▶ _Try it_: Go through the records and set each one down exactly, skipping any picture.

---+---

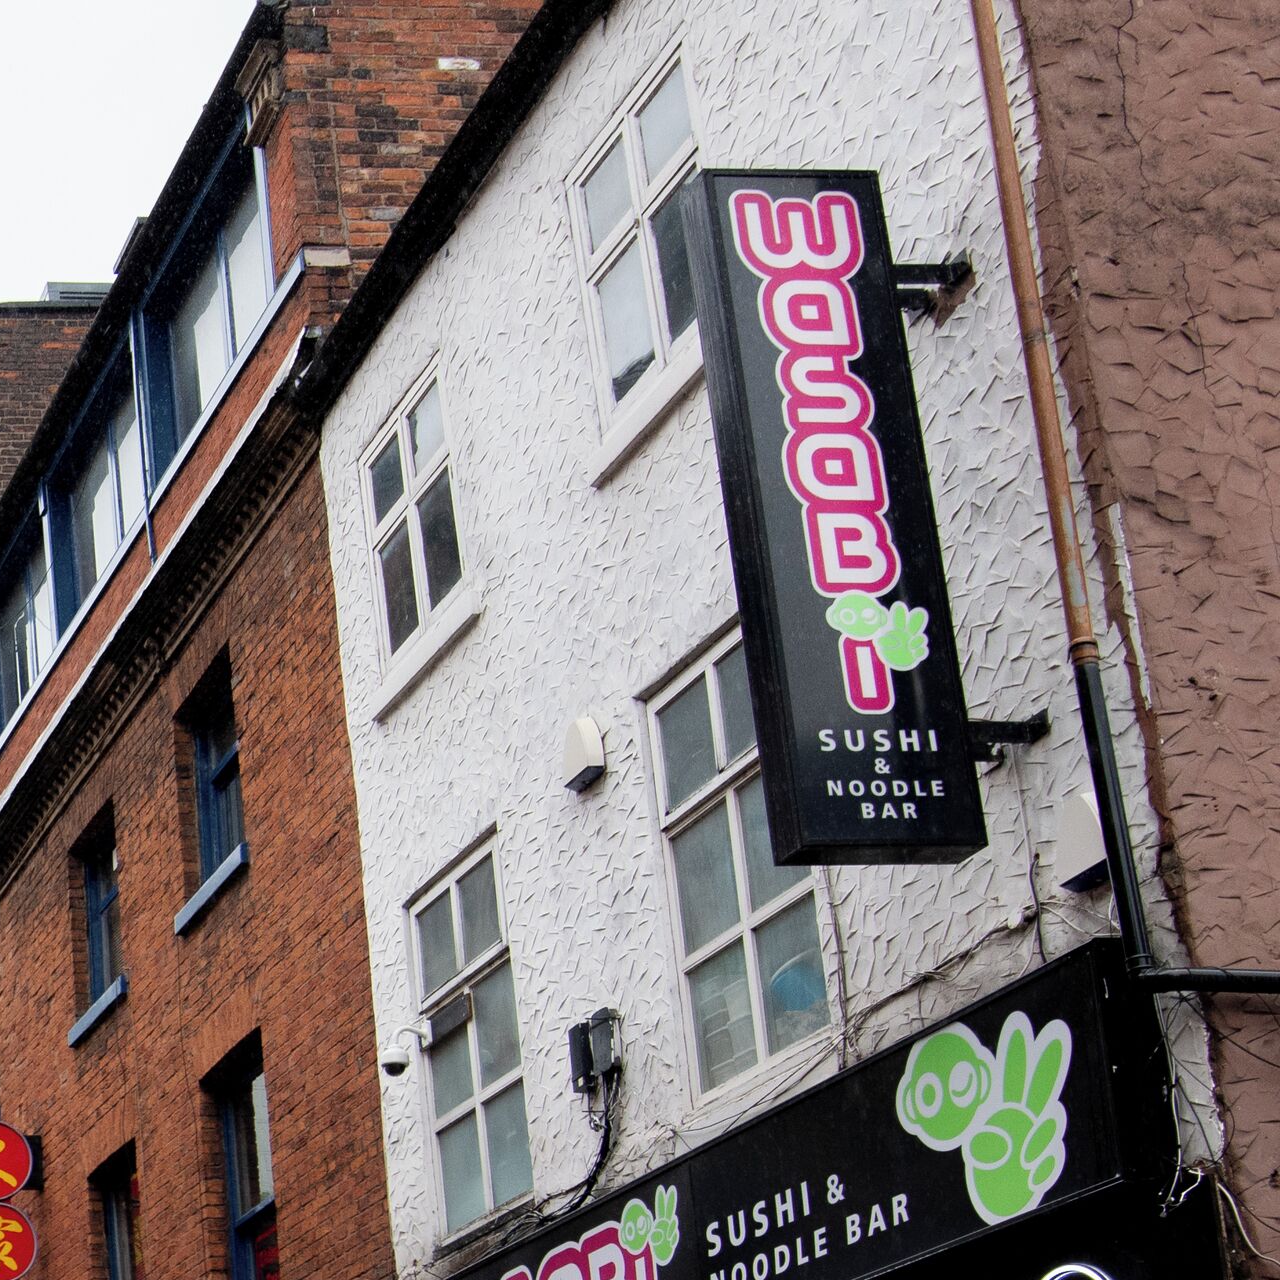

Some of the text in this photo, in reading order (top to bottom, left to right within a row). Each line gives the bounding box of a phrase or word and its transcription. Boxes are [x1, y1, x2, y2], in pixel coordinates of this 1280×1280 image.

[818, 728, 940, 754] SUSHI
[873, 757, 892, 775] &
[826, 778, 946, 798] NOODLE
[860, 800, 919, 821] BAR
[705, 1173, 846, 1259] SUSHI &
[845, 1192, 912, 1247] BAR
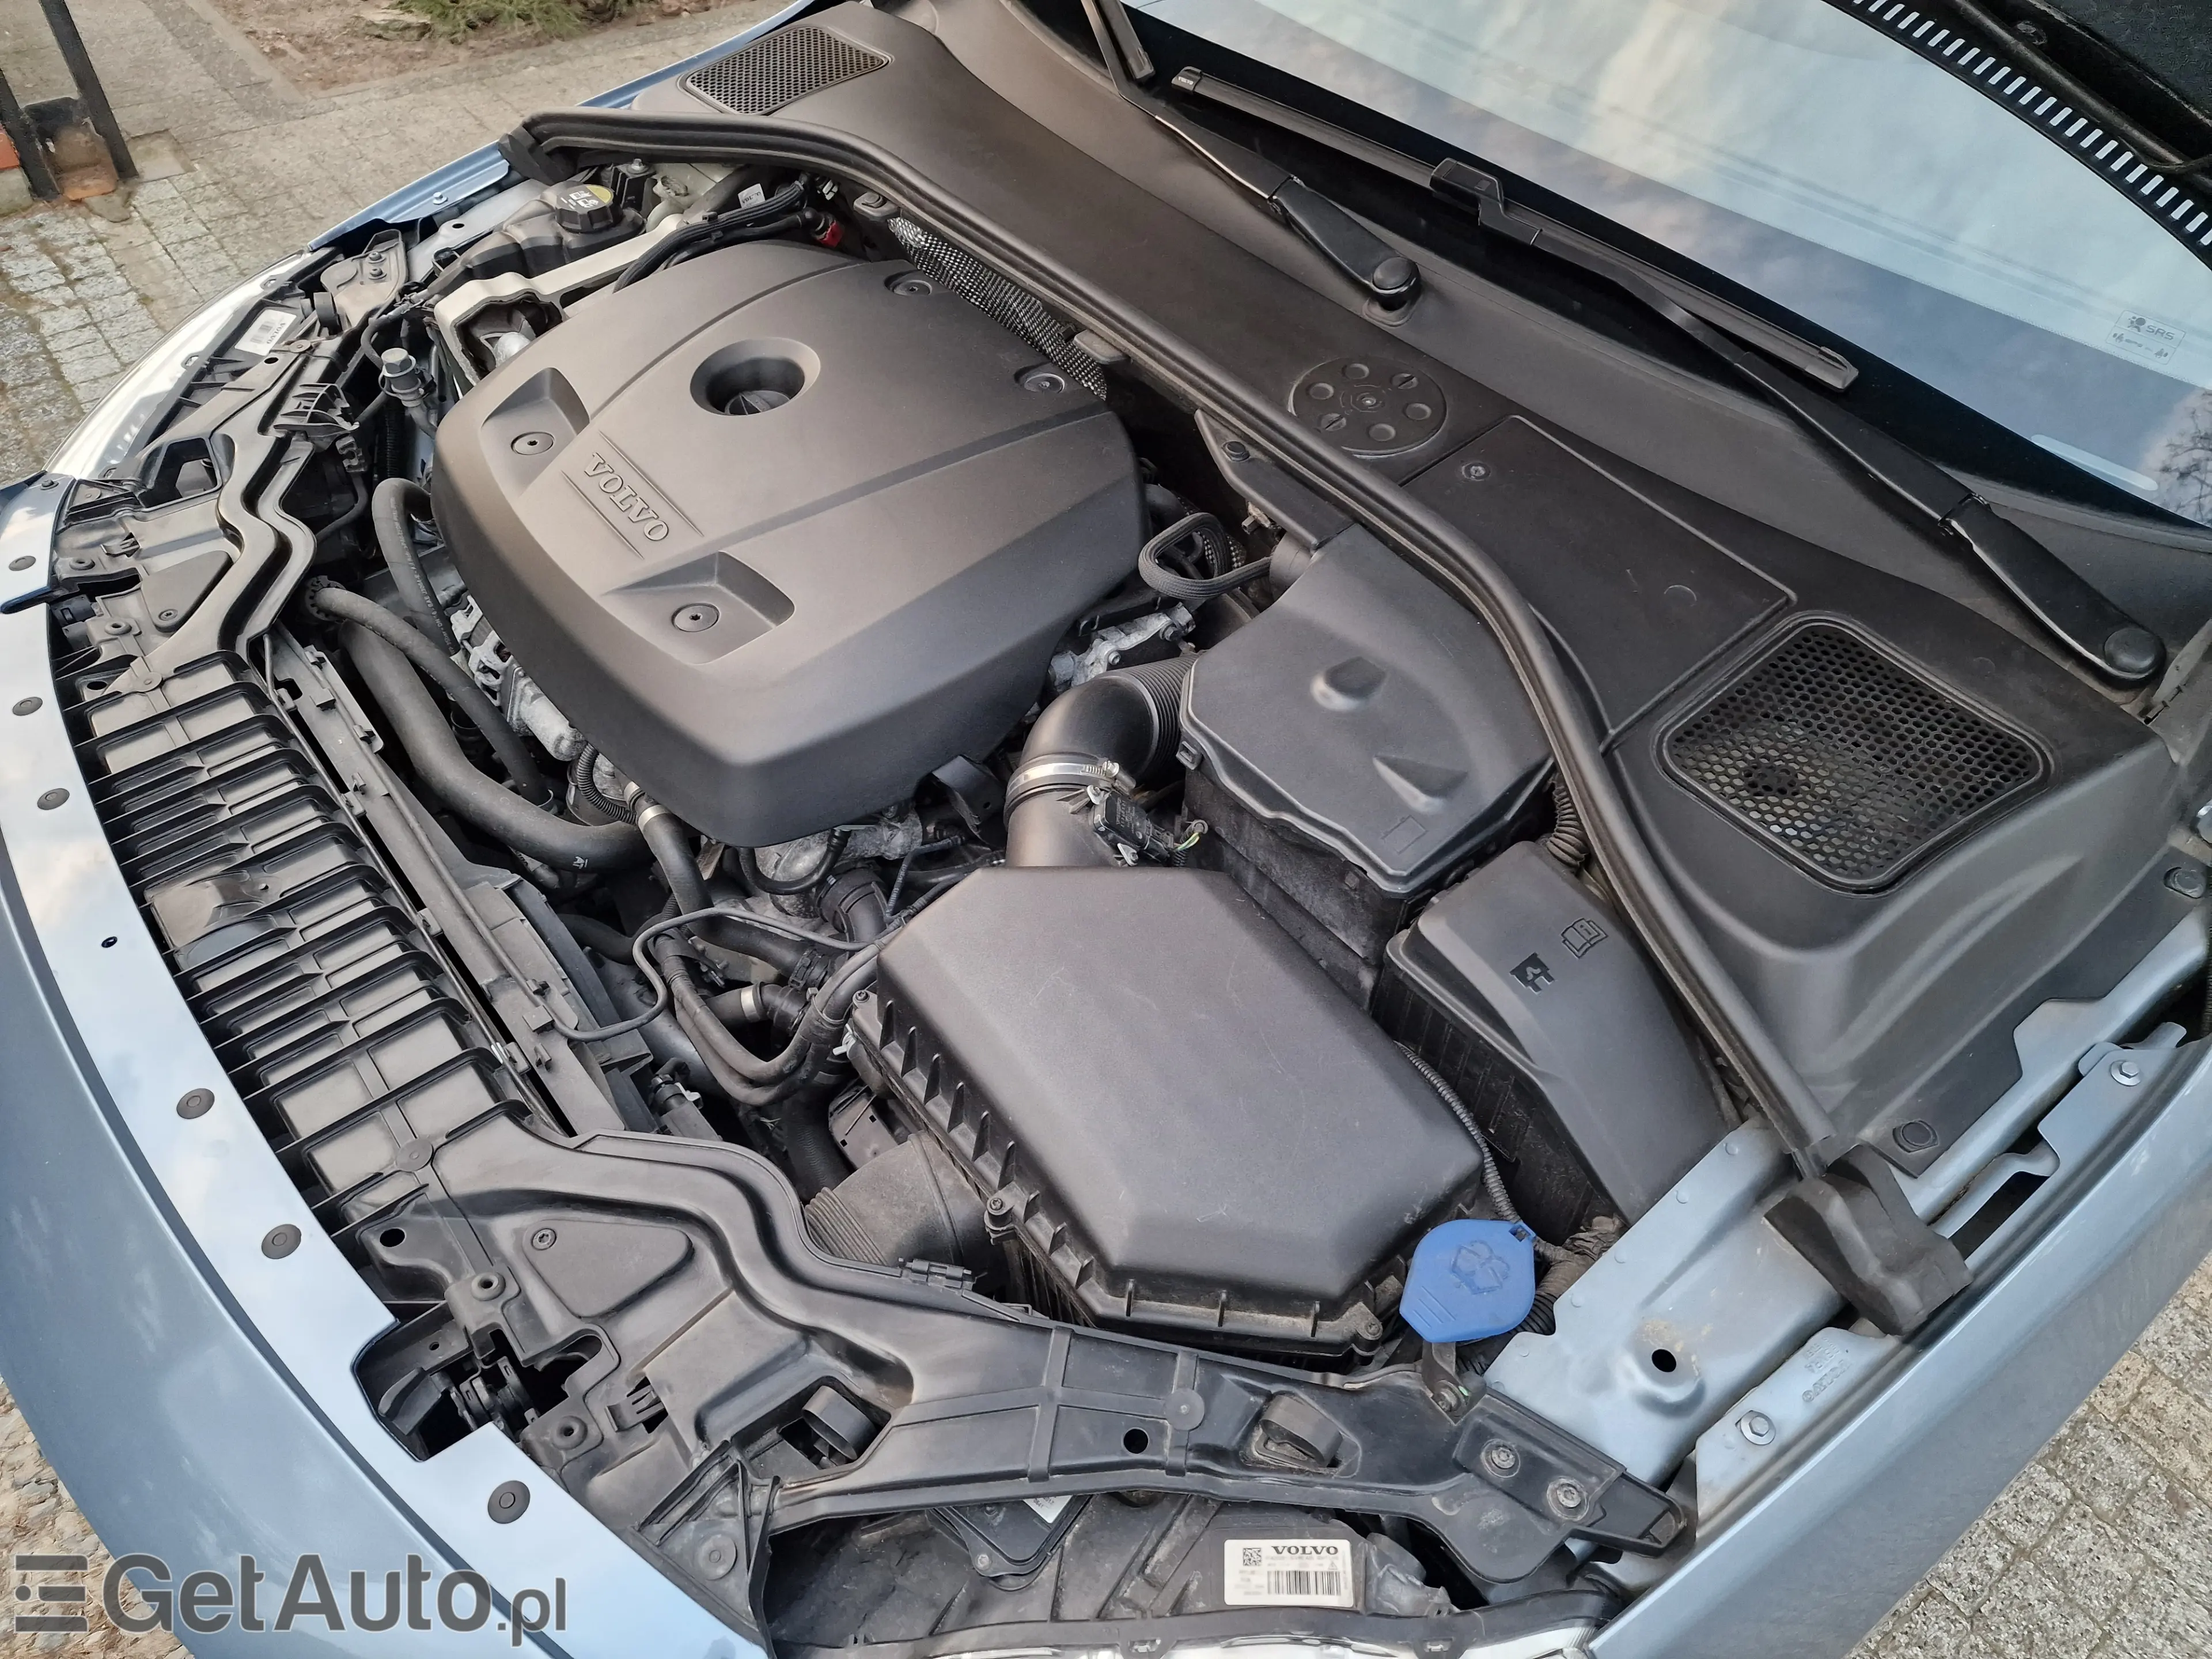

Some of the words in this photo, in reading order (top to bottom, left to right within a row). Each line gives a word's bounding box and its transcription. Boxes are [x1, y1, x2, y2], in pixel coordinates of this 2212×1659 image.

---+---

▶ _Your solution_:
Some of the text in this photo, in reading order (top to bottom, left to right within a row). Each line gives the bounding box of a phrase or word and its transcription. Boxes are [x1, y1, x2, y2], in pixel coordinates of this 1280×1280 image.

[818, 728, 940, 754] SUSHI
[873, 757, 892, 775] &
[826, 778, 946, 798] NOODLE
[860, 800, 919, 821] BAR
[705, 1173, 846, 1259] SUSHI &
[845, 1192, 912, 1247] BAR

Some of the words in this photo, in reading order (top to bottom, left to right within a row). Each line gives a word's bounding box and its transcription. Boxes are [x1, y1, x2, y2], in pixel coordinates of this 2212×1659 image.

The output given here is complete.